[Spatial localization data]
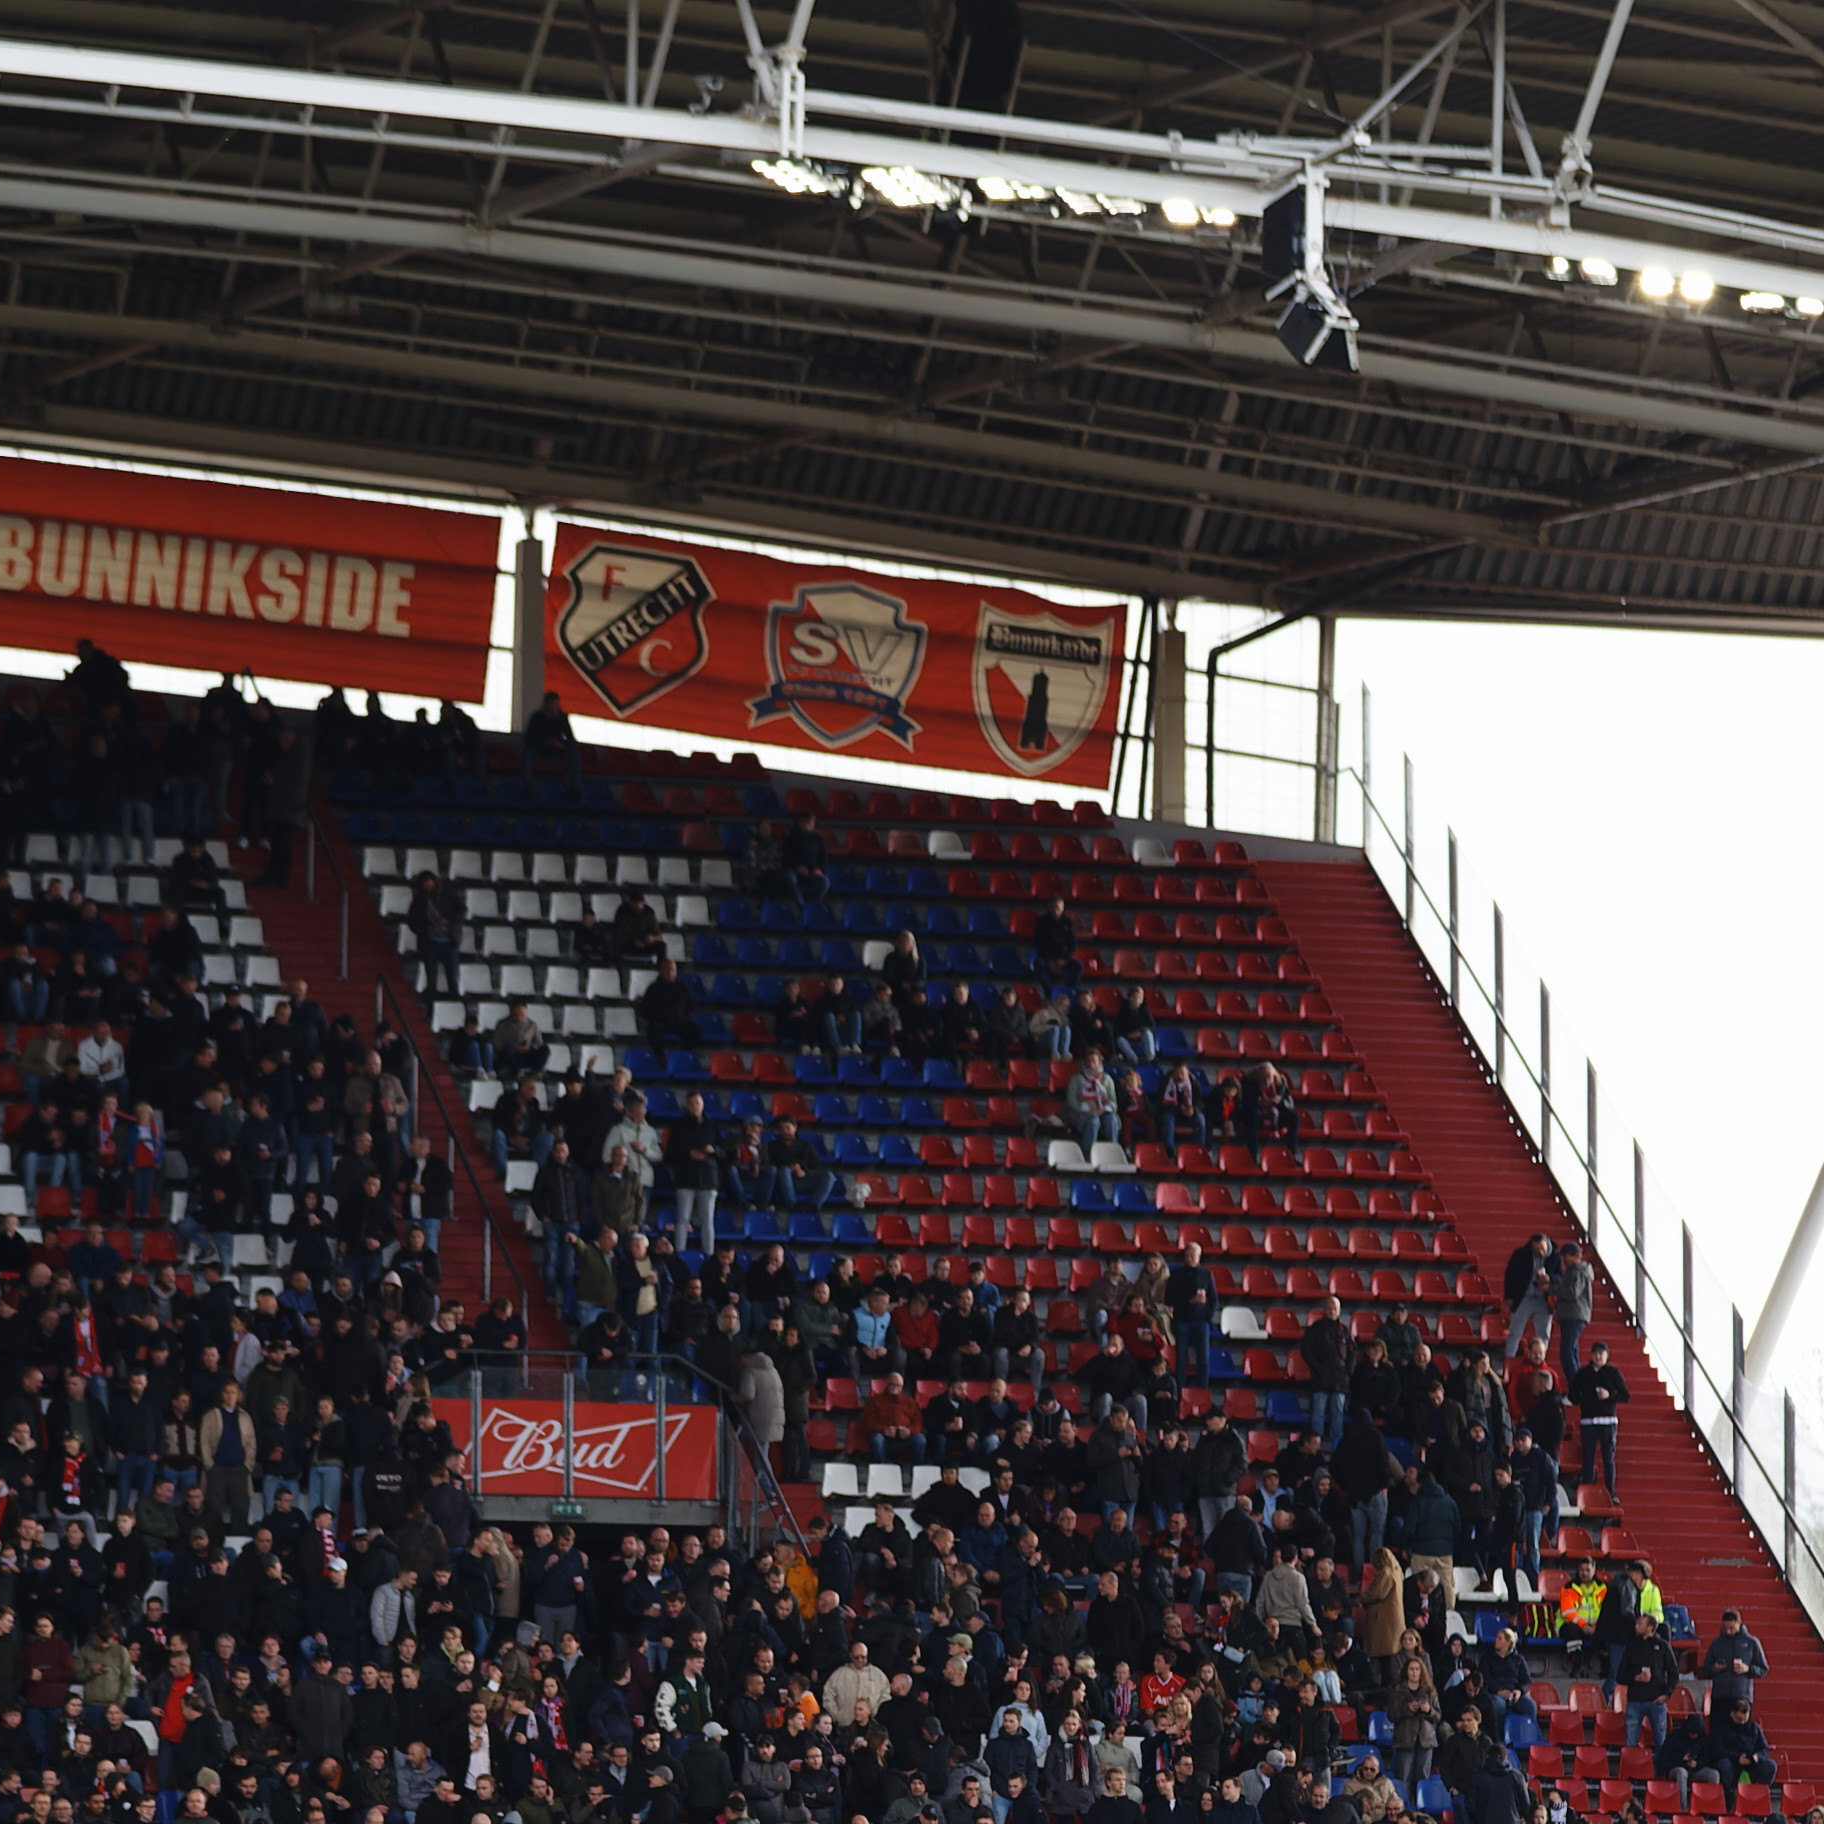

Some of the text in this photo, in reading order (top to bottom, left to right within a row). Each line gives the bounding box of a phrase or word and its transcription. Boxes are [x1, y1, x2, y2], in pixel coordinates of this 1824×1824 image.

[601, 564, 628, 602] F
[576, 570, 697, 671] UTRECHT
[639, 638, 674, 678] C
[788, 621, 905, 678] SV
[493, 1419, 630, 1471] Bud

- DIRECTIONS FOR THIS TASK
Apart from the pictures, every line of the data above should be given again exactly.

- EXPECTED OUTPUT
Some of the text in this photo, in reading order (top to bottom, left to right within a row). Each line gives the bounding box of a phrase or word and its transcription. Boxes are [x1, y1, x2, y2], in pixel coordinates of this 1824×1824 image.

[601, 564, 628, 602] F
[576, 570, 697, 671] UTRECHT
[639, 638, 674, 678] C
[788, 621, 905, 678] SV
[493, 1419, 630, 1471] Bud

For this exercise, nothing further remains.